He kept low and parallel to the driveway, the undergrowth muffling his footsteps as he crept through the woods toward the house.
He slowed as the trees thinned near the edge of the yard.
The house sat quiet from the outside. Curtains were drawn on the front windows. The back door was visible from this angle, standing slightly ajar.
Then movement at the side window caught his eye.
A man stood just inside the glass, his back partially turned, his attention directed somewhere deeper in the house. He was big with controlled posture.
Wes went motionless.
Remington dropped into a crouch beside him without a sound, his eyes locked on the window.
They watched the man and waited.
Ten seconds.
Twenty.
Then the man stepped away from the window and out of sight.
This was Wes’s chance to move.
He broke from the woods at a low run and crossed the open yard in long, fast strides. Remington stayed a shadow at his side. The grass was soft enough to muffle their steps.
He reached the exterior wall and pressed his back against it, his breathing controlled, and he listened.
He could barely make out voices from inside. They were too low.
He moved along the wall toward the back door.

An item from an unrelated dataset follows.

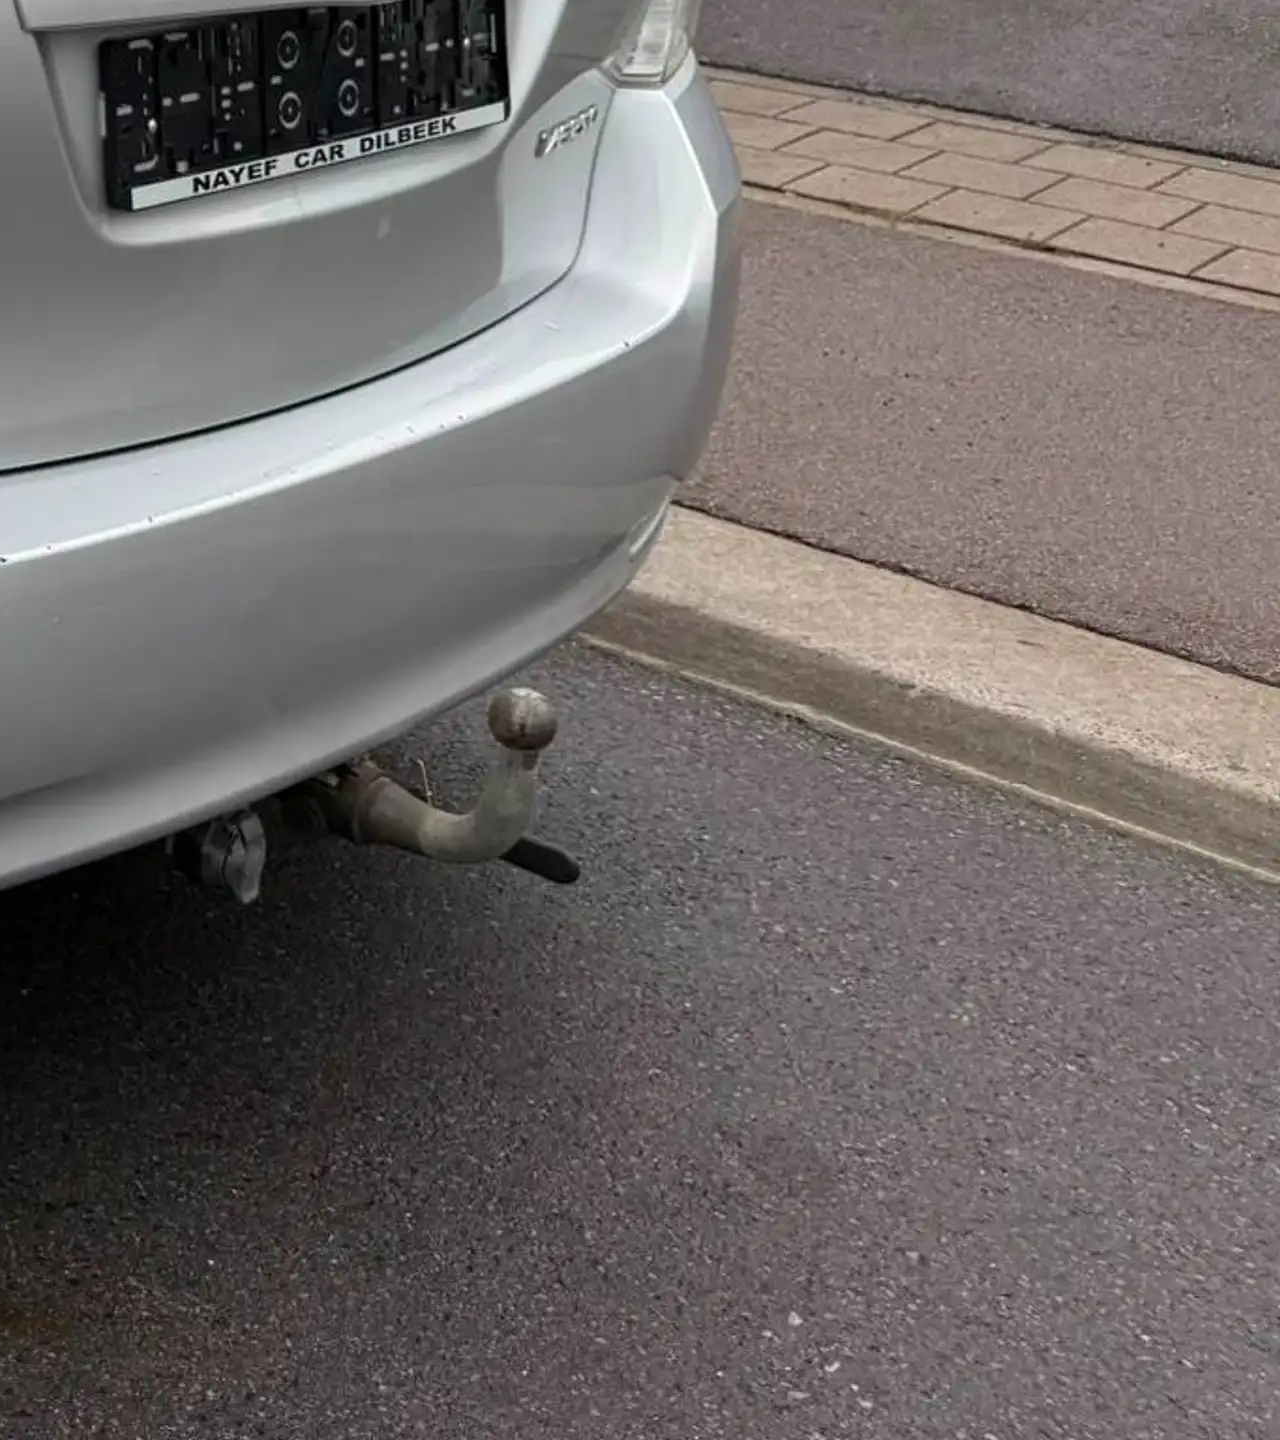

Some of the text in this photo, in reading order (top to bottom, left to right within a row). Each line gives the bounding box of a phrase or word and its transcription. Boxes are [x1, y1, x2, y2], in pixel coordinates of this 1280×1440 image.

[192, 116, 458, 194] NAYEF CAR DILBEEK

As he reached the corner of the house, he risked a glance through the kitchen window.
Everything inside him went cold and then immediately, incandescently hot.
Rowan was pinned against the counter, a man’s forearm across her chest, his hand at her jaw. Her face was turned toward him with rigid resistance.
Wes’s heart lurched in his throat at the sight.
Another woman—Lauren maybe—sat against the far cabinet, her knees drawn to her chest and her hands pressed over her mouth.
The second man, the one who’d just been at the window, now stood near the back door.
Three feet from where Wes stood.
He pulled back against the wall and looked at Remington.
The dog’s eyes were already on him. Waiting. Every muscle coiled and ready, his body a question with one answer.
Wes had worked enough operations to know that the next thirty seconds would determine everything. Two men, two targets, one dog, and no margin for error.
The man at the door would have to be his.
That put Remington on the beefy man at the counter—the one with his hands on Rowan.
Wes trusted his dog with his life every day. Right now he was trusting him with Rowan’s also.
He met Remington’s eyes and gave the signal.